▶ Data supplied
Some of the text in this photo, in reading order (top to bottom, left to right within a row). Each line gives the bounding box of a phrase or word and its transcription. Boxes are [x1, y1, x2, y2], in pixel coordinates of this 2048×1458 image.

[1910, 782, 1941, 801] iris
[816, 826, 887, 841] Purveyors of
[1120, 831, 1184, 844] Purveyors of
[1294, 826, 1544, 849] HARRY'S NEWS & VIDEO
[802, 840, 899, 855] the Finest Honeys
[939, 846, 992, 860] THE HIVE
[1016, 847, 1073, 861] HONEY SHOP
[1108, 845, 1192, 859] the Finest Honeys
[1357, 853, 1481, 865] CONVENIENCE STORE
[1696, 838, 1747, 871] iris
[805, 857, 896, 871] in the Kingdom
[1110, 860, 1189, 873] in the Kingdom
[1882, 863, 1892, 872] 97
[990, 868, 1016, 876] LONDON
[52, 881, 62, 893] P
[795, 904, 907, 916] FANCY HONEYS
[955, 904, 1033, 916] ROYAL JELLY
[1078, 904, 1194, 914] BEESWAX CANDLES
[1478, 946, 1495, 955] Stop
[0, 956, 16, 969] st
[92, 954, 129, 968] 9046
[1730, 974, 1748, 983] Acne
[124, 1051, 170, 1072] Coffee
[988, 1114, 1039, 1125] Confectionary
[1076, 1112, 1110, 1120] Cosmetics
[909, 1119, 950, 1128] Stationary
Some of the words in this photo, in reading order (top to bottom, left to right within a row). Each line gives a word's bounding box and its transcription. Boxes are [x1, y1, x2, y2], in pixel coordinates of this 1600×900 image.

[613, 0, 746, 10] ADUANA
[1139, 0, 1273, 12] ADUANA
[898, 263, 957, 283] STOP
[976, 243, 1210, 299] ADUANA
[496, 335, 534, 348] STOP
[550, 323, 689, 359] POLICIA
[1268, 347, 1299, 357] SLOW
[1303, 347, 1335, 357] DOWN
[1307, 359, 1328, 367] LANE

▶ Task instructions
Write all the data out again, exactly.

▶ Response box
Some of the text in this photo, in reading order (top to bottom, left to right within a row). Each line gives the bounding box of a phrase or word and its transcription. Boxes are [x1, y1, x2, y2], in pixel coordinates of this 2048×1458 image.

[1910, 782, 1941, 801] iris
[816, 826, 887, 841] Purveyors of
[1120, 831, 1184, 844] Purveyors of
[1294, 826, 1544, 849] HARRY'S NEWS & VIDEO
[802, 840, 899, 855] the Finest Honeys
[939, 846, 992, 860] THE HIVE
[1016, 847, 1073, 861] HONEY SHOP
[1108, 845, 1192, 859] the Finest Honeys
[1357, 853, 1481, 865] CONVENIENCE STORE
[1696, 838, 1747, 871] iris
[805, 857, 896, 871] in the Kingdom
[1110, 860, 1189, 873] in the Kingdom
[1882, 863, 1892, 872] 97
[990, 868, 1016, 876] LONDON
[52, 881, 62, 893] P
[795, 904, 907, 916] FANCY HONEYS
[955, 904, 1033, 916] ROYAL JELLY
[1078, 904, 1194, 914] BEESWAX CANDLES
[1478, 946, 1495, 955] Stop
[0, 956, 16, 969] st
[92, 954, 129, 968] 9046
[1730, 974, 1748, 983] Acne
[124, 1051, 170, 1072] Coffee
[988, 1114, 1039, 1125] Confectionary
[1076, 1112, 1110, 1120] Cosmetics
[909, 1119, 950, 1128] Stationary
Some of the words in this photo, in reading order (top to bottom, left to right within a row). Each line gives a word's bounding box and its transcription. Boxes are [x1, y1, x2, y2], in pixel coordinates of this 1600×900 image.

[613, 0, 746, 10] ADUANA
[1139, 0, 1273, 12] ADUANA
[898, 263, 957, 283] STOP
[976, 243, 1210, 299] ADUANA
[496, 335, 534, 348] STOP
[550, 323, 689, 359] POLICIA
[1268, 347, 1299, 357] SLOW
[1303, 347, 1335, 357] DOWN
[1307, 359, 1328, 367] LANE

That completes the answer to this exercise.